The pandemic is also  likely to lead to a major slowdown in construction activity and spending (see previous post), with a corresponding impact on software vendors including Procore; its revenue growth may falter, with even bigger losses in 2020. The impacts will, of course, depend on the extent to which Procore’s current and future customers – mainly SMEs to mid-sized contracting firms – are affected by the slowdown and how far, if at all, they are supported by clients, banks and governments during the downturn.

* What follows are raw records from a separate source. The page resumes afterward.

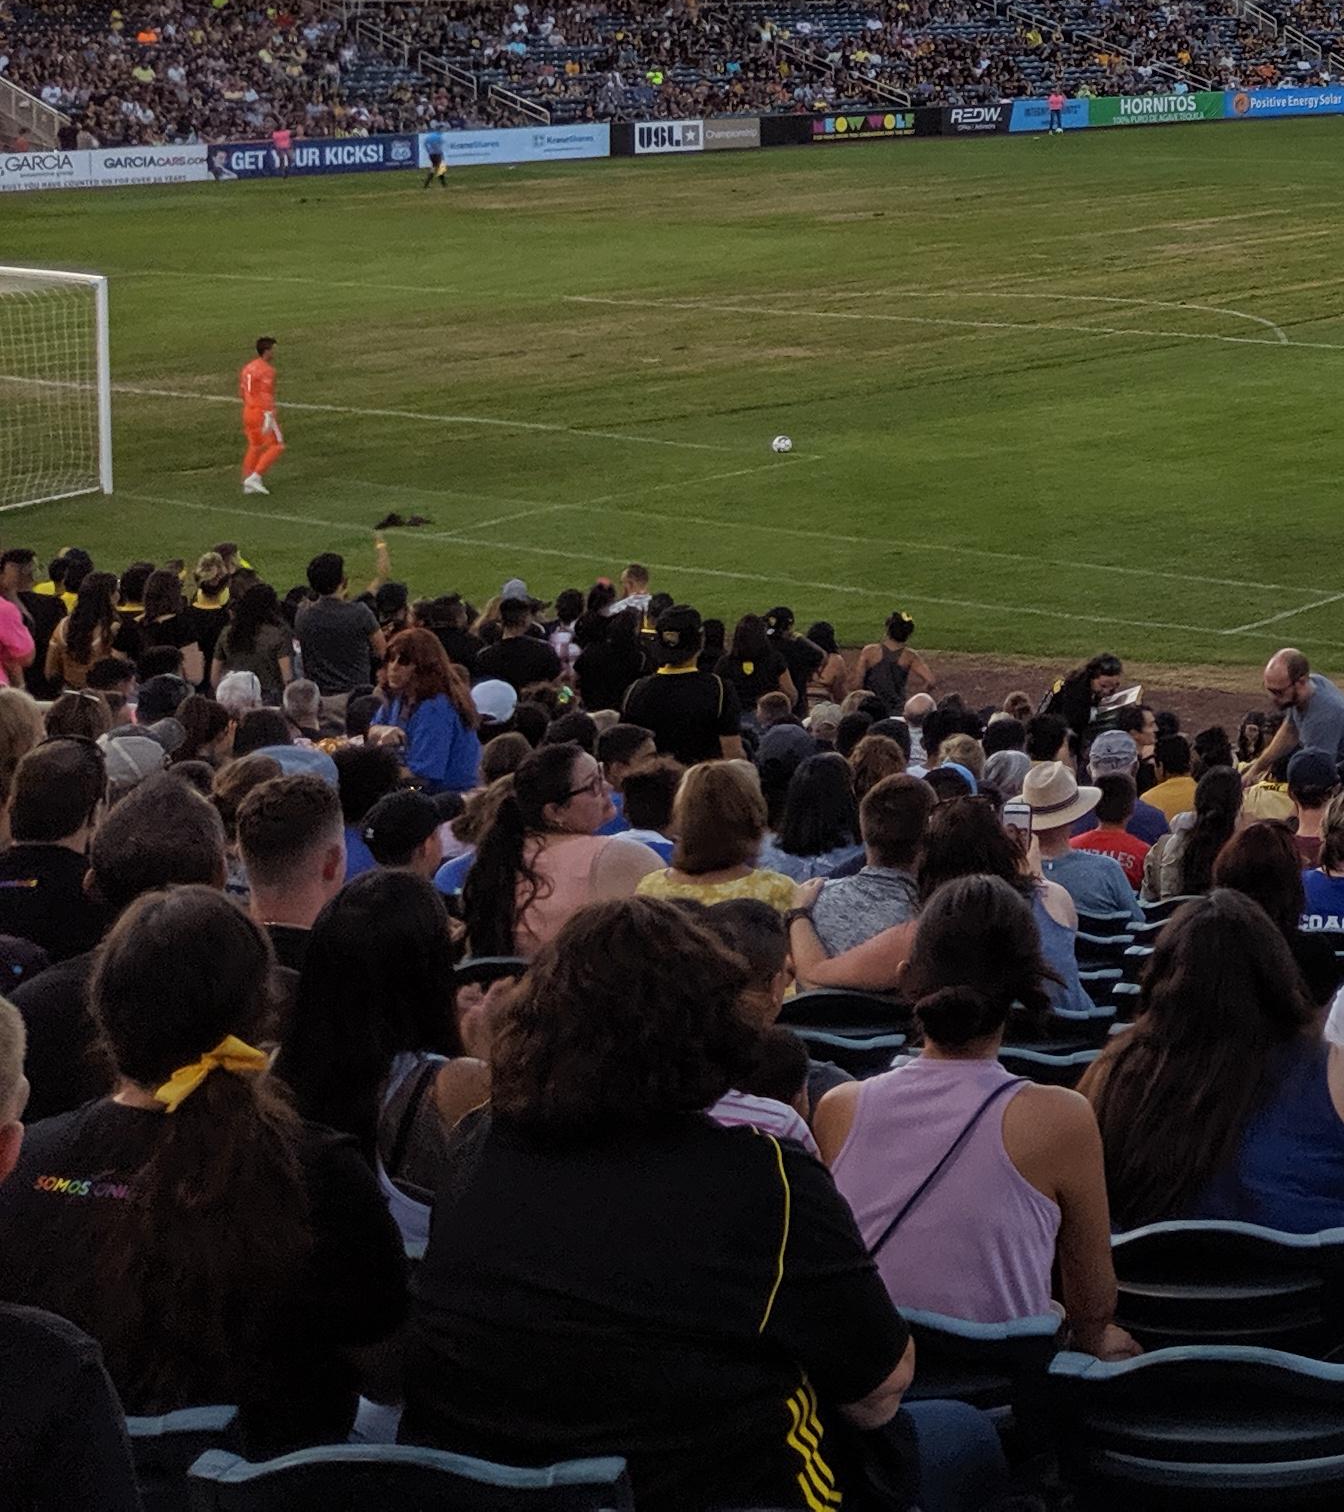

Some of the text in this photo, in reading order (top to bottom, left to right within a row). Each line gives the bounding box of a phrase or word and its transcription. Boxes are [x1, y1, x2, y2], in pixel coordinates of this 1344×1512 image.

[1120, 95, 1197, 115] HORNITOS
[1250, 96, 1287, 109] Positive
[1288, 94, 1319, 109] Energy
[1319, 94, 1343, 106] Solar
[638, 126, 682, 149] USL
[705, 126, 758, 140] Championship
[5, 154, 74, 172] GARCIA
[231, 144, 384, 170] GET KICKS!
[63, 179, 99, 187] COUNTED
[115, 177, 129, 185] FOR
[131, 176, 151, 184] OVER
[34, 1175, 92, 1196] SOMOS
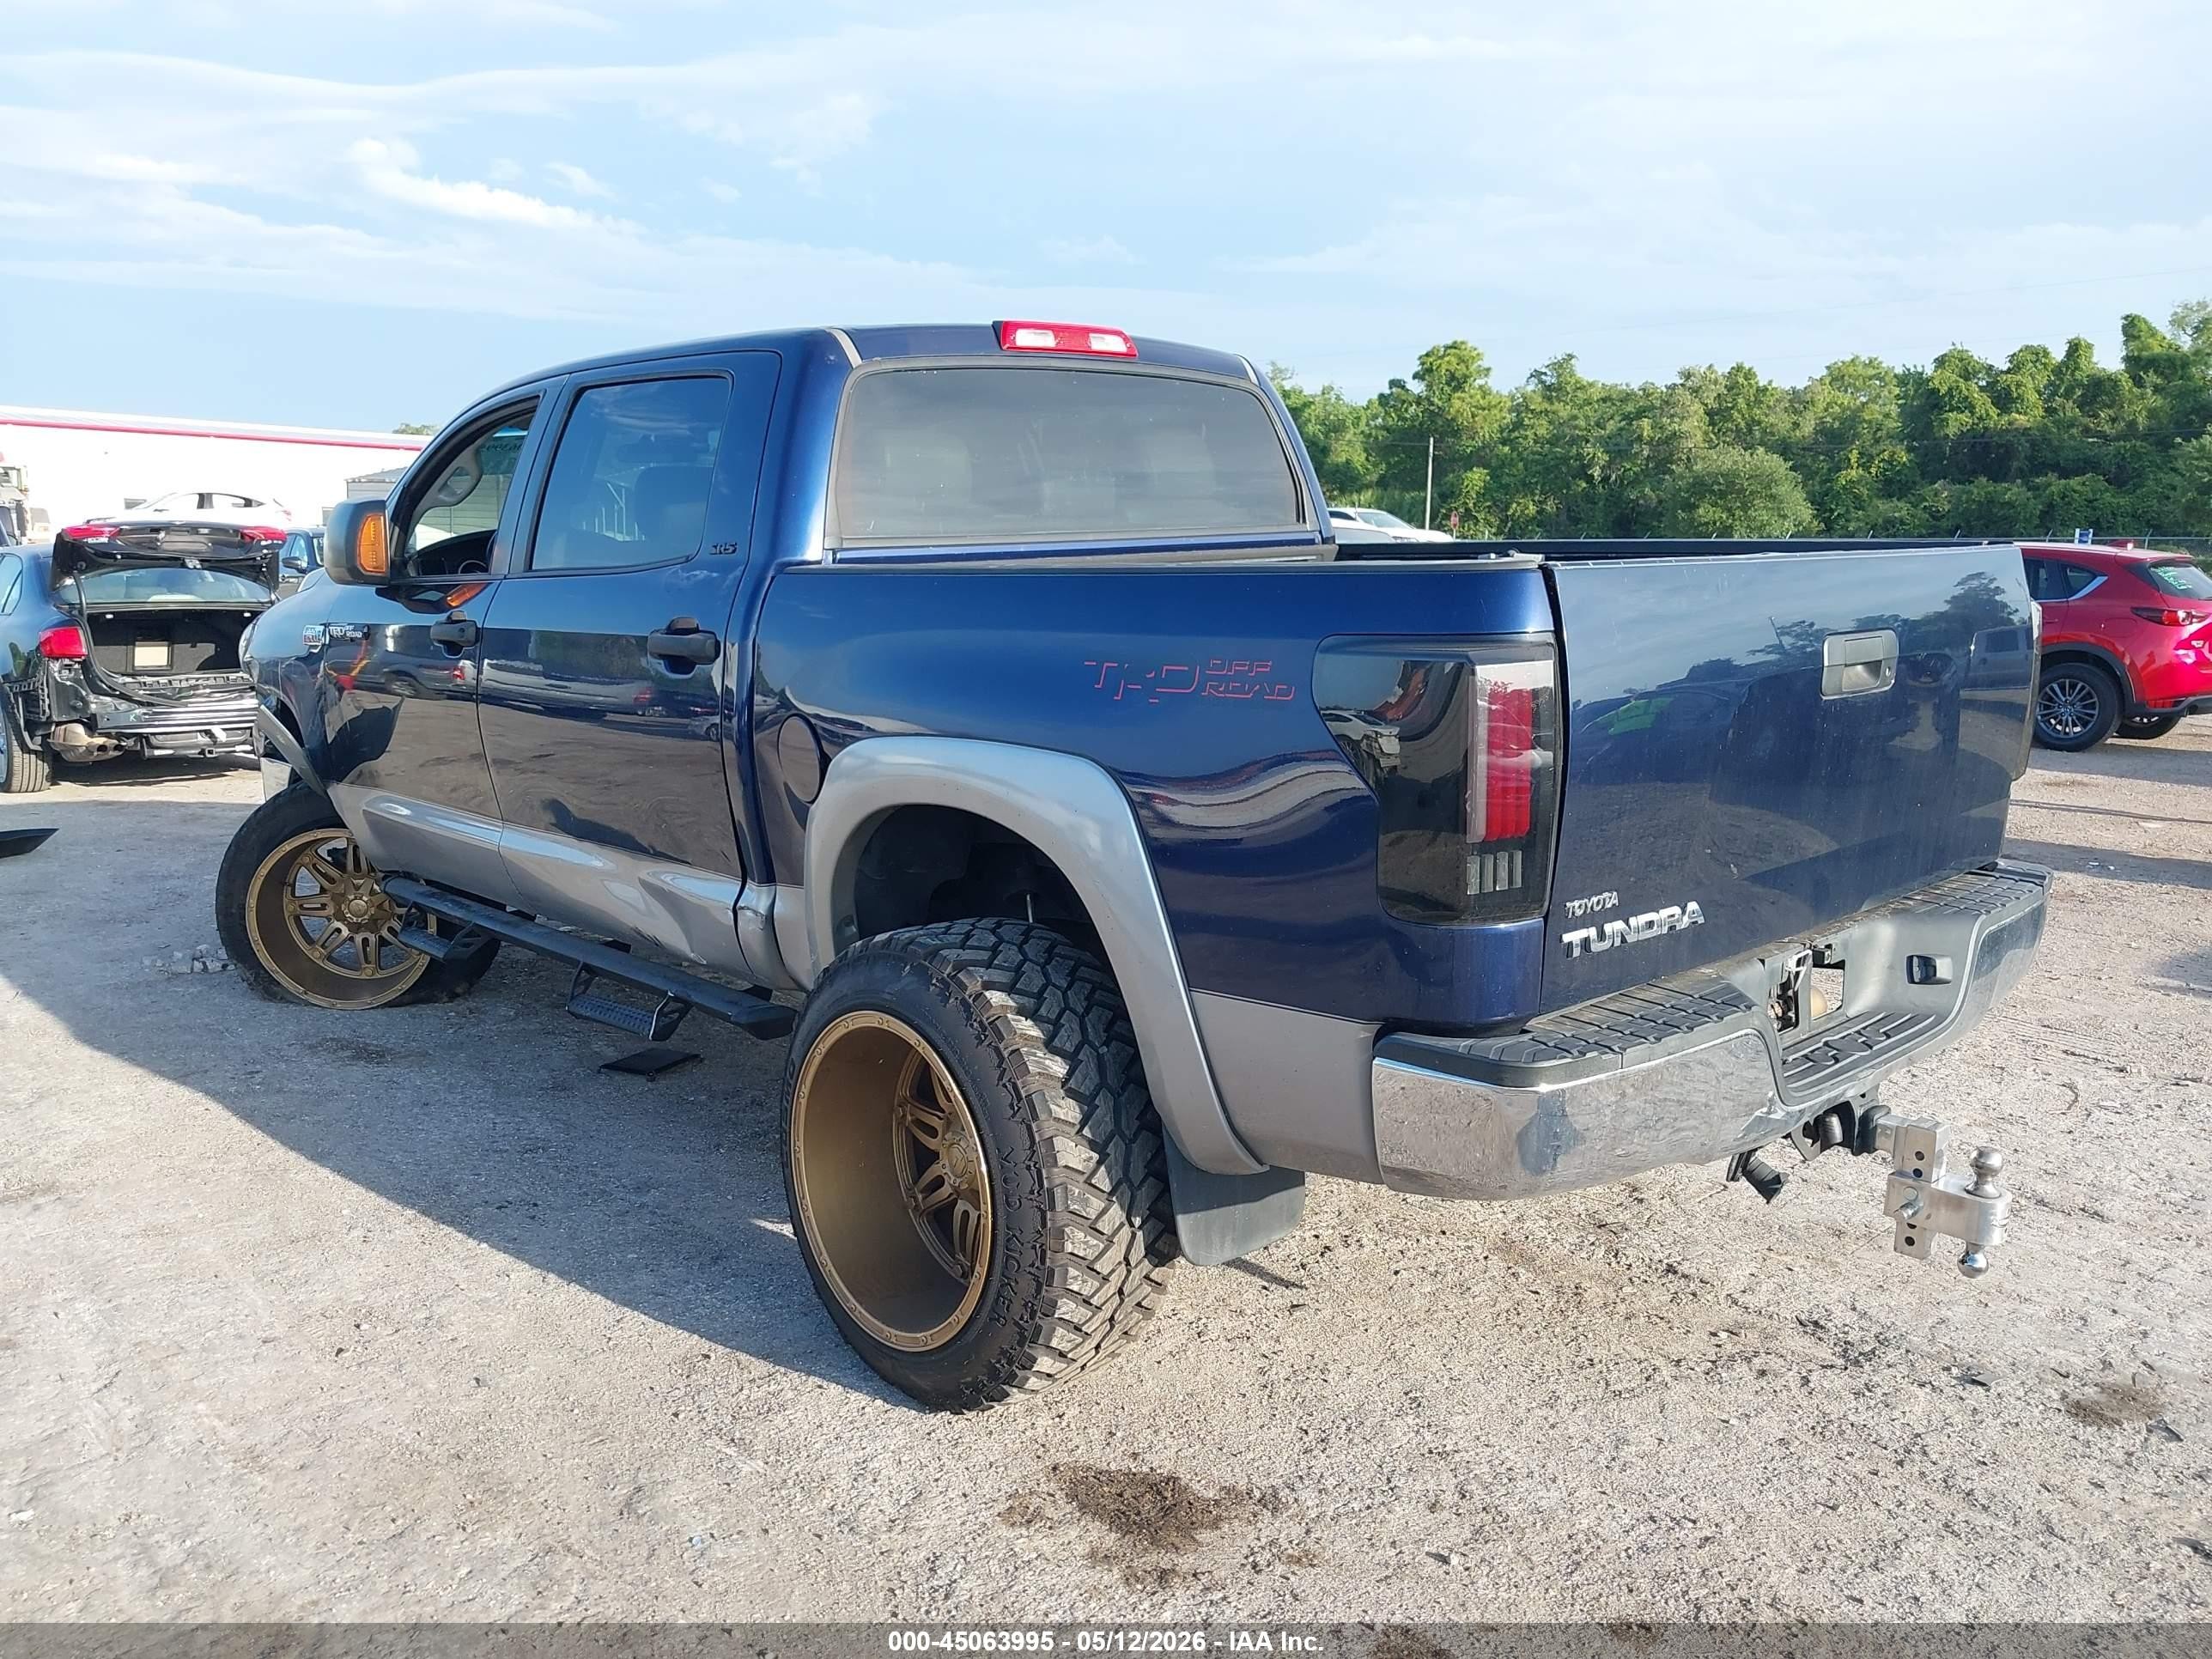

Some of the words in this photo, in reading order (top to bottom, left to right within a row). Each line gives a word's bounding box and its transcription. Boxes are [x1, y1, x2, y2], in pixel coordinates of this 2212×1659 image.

[1205, 659, 1273, 677] OFF
[1201, 681, 1296, 702] ROAD
[1565, 890, 1620, 919] TOYOTA
[1559, 901, 1705, 959] TUNDRA
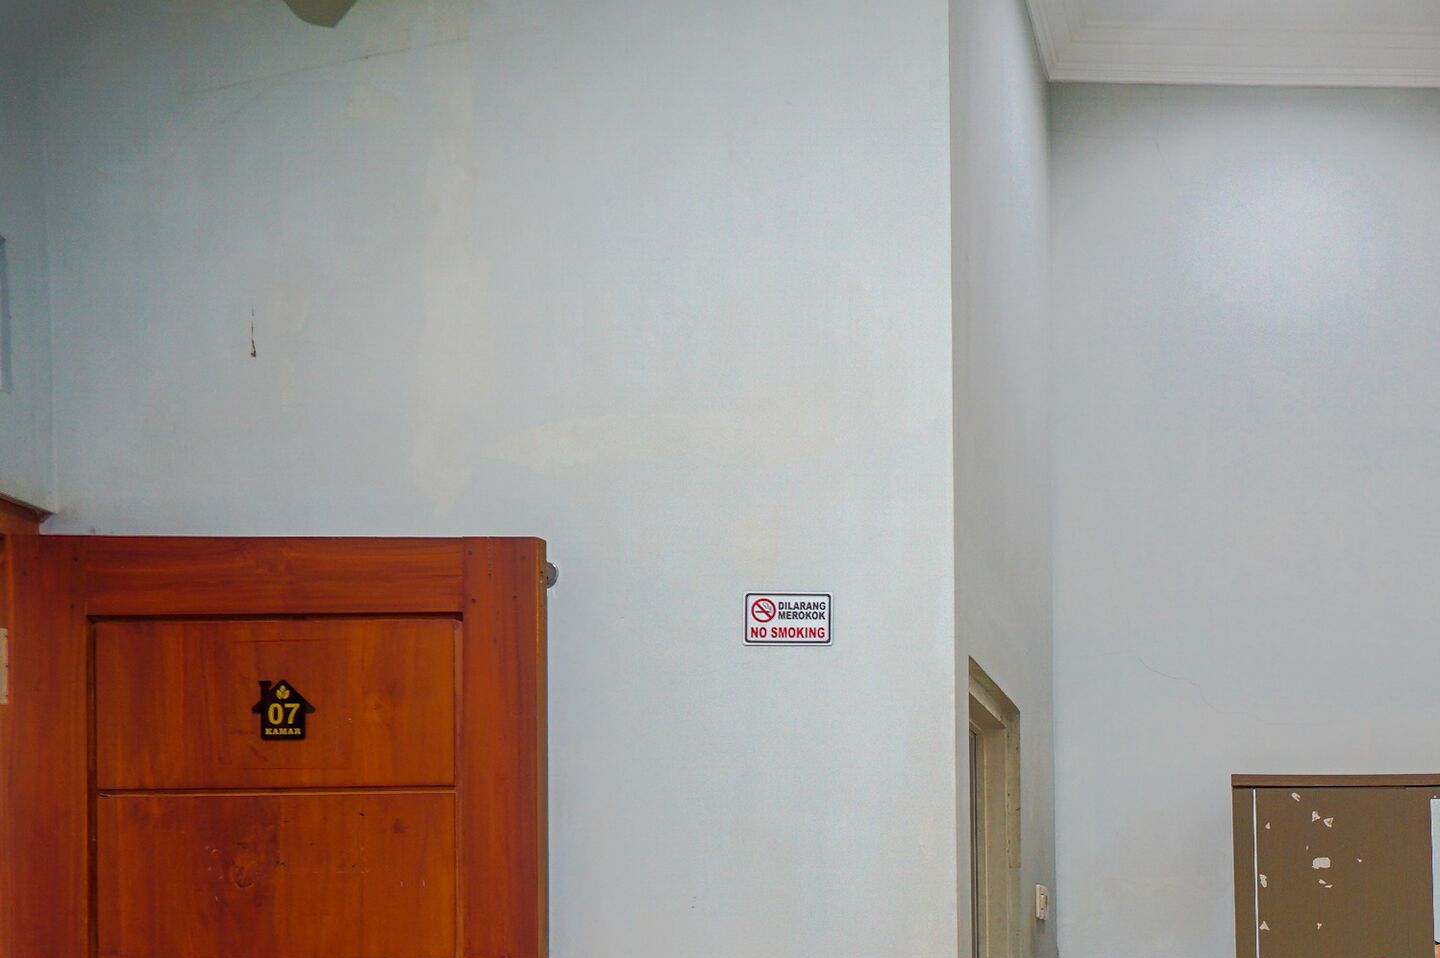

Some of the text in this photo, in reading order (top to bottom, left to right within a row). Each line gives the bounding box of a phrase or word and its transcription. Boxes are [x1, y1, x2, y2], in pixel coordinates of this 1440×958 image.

The other investor risks – failure to compete effectively, and miscalculation of the future market opportunity – also need to be considered, particularly from a technology point of view. Building information modelling (BIM) was positioned as one of the steps necessary to modernise construction and help it emerge from the financial crisis of the late 2000s; in the UK and several other developed economies, it is seen as a foundation for digital transformation of the built environment. Procore’s platform, though, currently has little BIM functionality compared to its competitors (it has a BIM viewer). Procore-Aconex integrationAconex, and its acquisitions, invested substantially in BIM and associated model, data and workflow management over several years, as have most of Procore’s other key competitors (eg: Autodesk, Bentley Systems, Trimble). But there has been little demand to date from Procore’s SME to mid-sized contractor customers for BIM functionality – most are still predominantly working with conventional drawings, documents and spreadsheets. Integrations with other solutions such as Aconex may help (post), but if Procore wants to compete directly with rival platforms and support larger contractors and owner-operators, it will have to invest significantly in developing or acquiring stronger BIM object capabilities.

[Disclosure: I have written occasional freelance pieces for Procore’s Jobsite, and have provided consultancy services to Procore’s London office.]